Expected behavior The fluent bit should not pause the input plugins and read the chunks from the filesystem to push them to output plugin

Screenshots

Your Environment

Version used: 3.0.2
Environment name and version kubernetes v1.23.17-eks-508b6b3
Filters and plugins: Tail input and kafka output

Additional context we are trying to push ingress logs of istio written to a file to kafka using tail input of fluent bit

Apr 16 '24 06:04 ShahroZafar

This issue is stale because it has been open 90 days with no activity. Remove stale label or comment or this will be closed in 5 days. Maintainers can add the exempt-stale label.

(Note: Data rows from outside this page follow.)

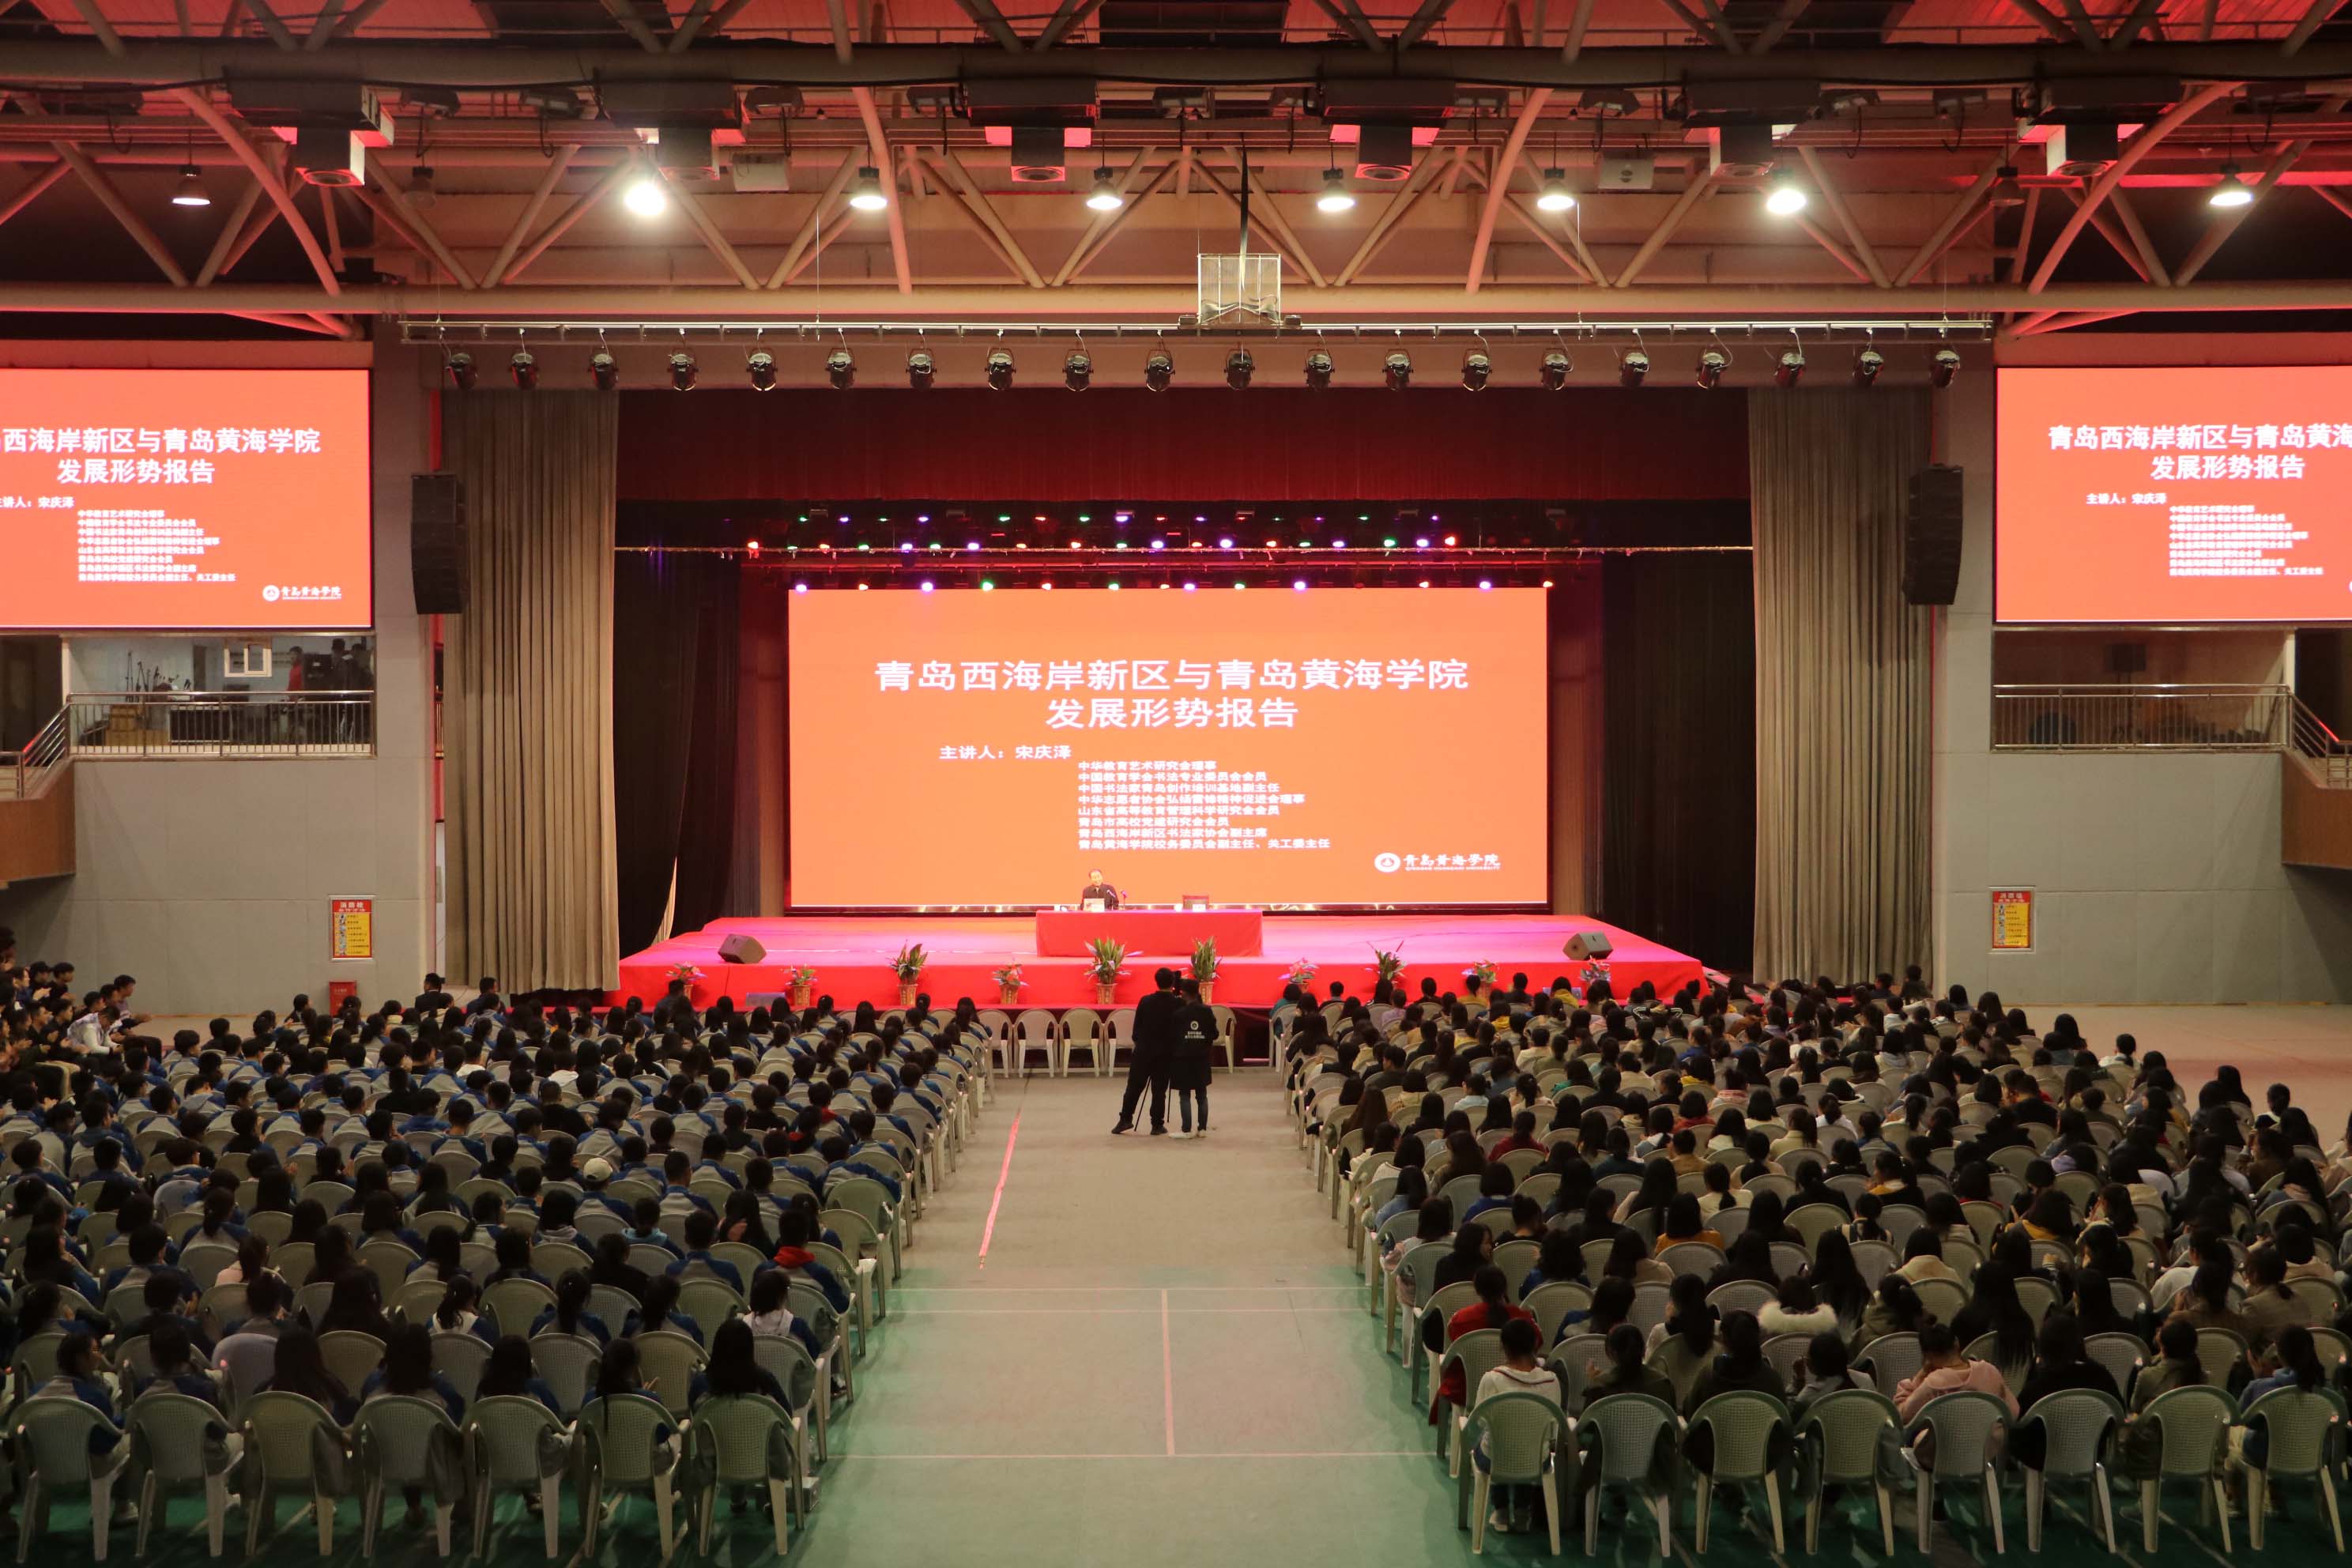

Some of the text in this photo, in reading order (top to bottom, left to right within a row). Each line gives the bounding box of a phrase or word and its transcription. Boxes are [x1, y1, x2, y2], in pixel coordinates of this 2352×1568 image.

[0, 428, 320, 453] 西海岸新区与青岛黄海学院
[2049, 424, 2352, 450] 青岛西海岸新区与青岛黄海
[57, 458, 215, 484] 发展形势报告
[2150, 454, 2305, 480] 发展形势报告
[0, 496, 74, 508] 讲人：宋庆泽
[875, 658, 1468, 691] 青岛西海岸新区与青岛黄海学院
[1046, 697, 1298, 729] 发展形势报告
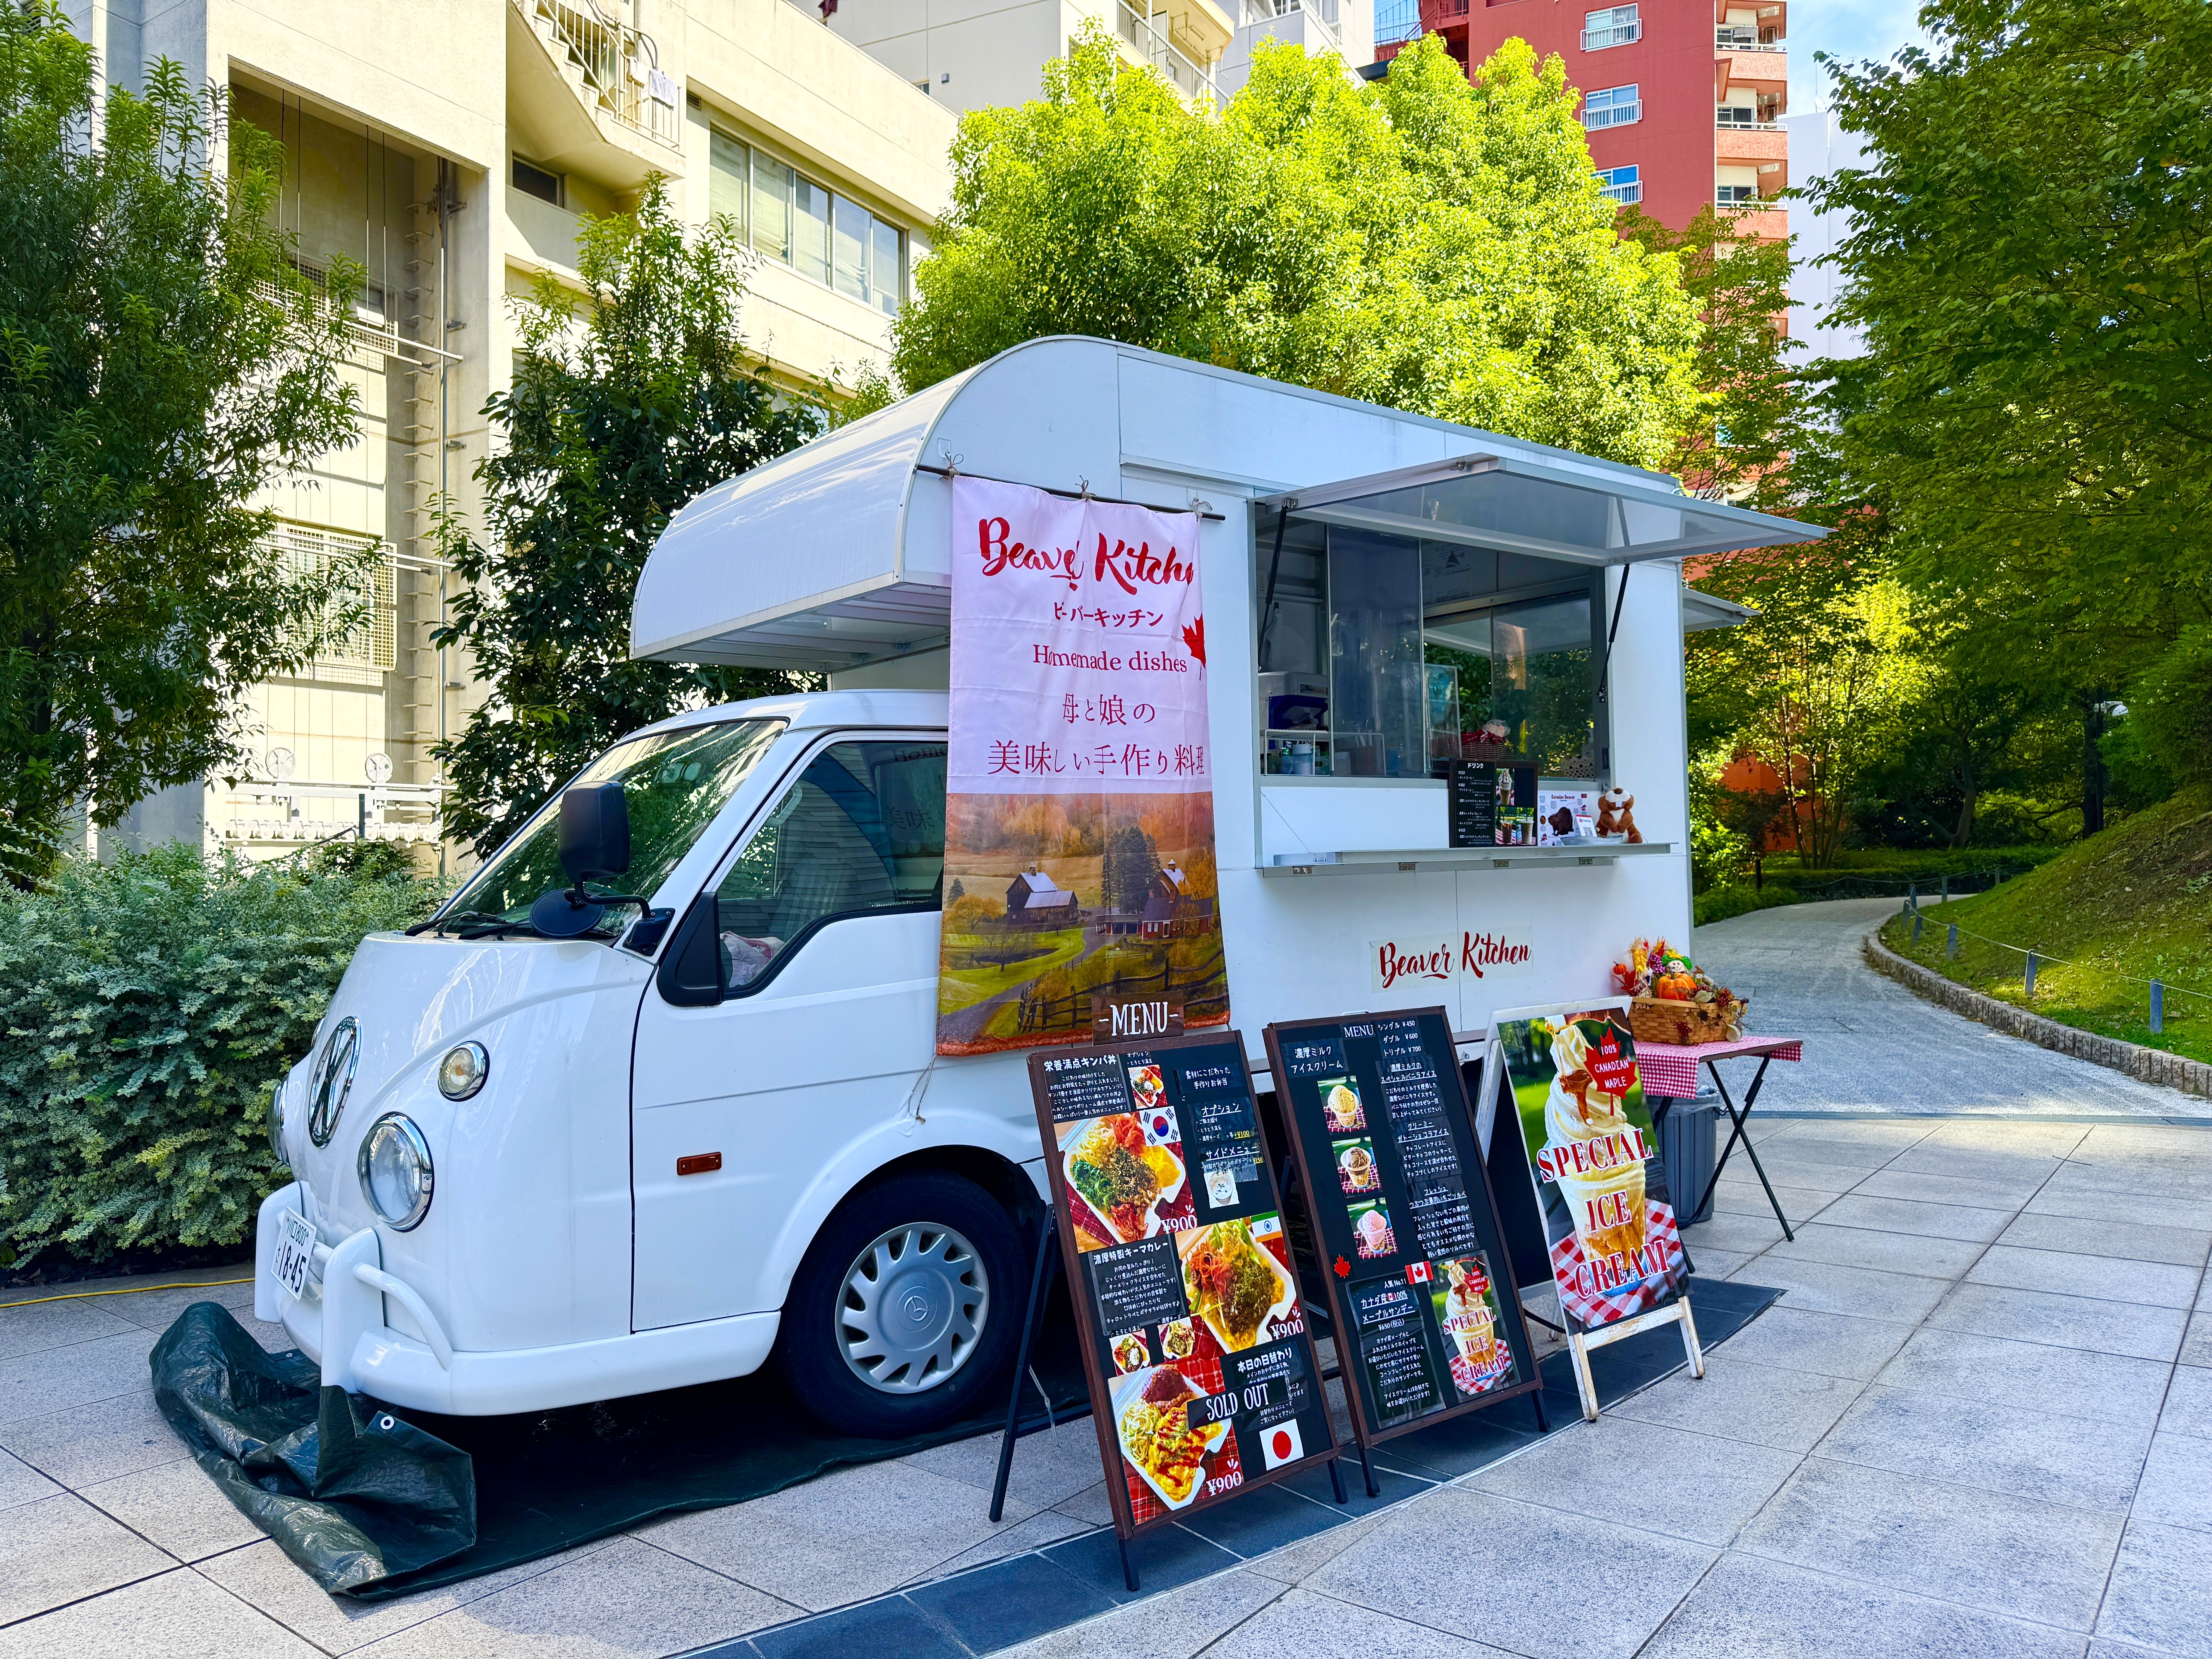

Jul 16 '24 01:07 github-actions[bot]

Hi, we experienced the same issue. My understanding is this. Your max chunks up is quite low. Chunks are 2 MB so 20 chunks max is 40 MB mem. You defined storage.backlog.mem_limit 100M, so it will only start to flush when there is 100MB free of the 40 MB, which will obviously never happen. Please try to decrease storage.backlog.mem_limit to 5M (the default) or increase max chunks up to allow Fluentbit to use more memory.

Let me know if this helps.

I would like to mention the issue we are facing as well: https://github.com/fluent/fluent-bit/issues/9115

Jul 20 '24 06:07 RicharddeJong

This issue is stale because it has been open 90 days with no activity. Remove stale label or comment or this will be closed in 5 days. Maintainers can add the exempt-stale label.

Oct 20 '24 02:10 github-actions[bot]

This issue was closed because it has been stalled for 5 days with no activity.

Oct 26 '24 02:10 github-actions[bot]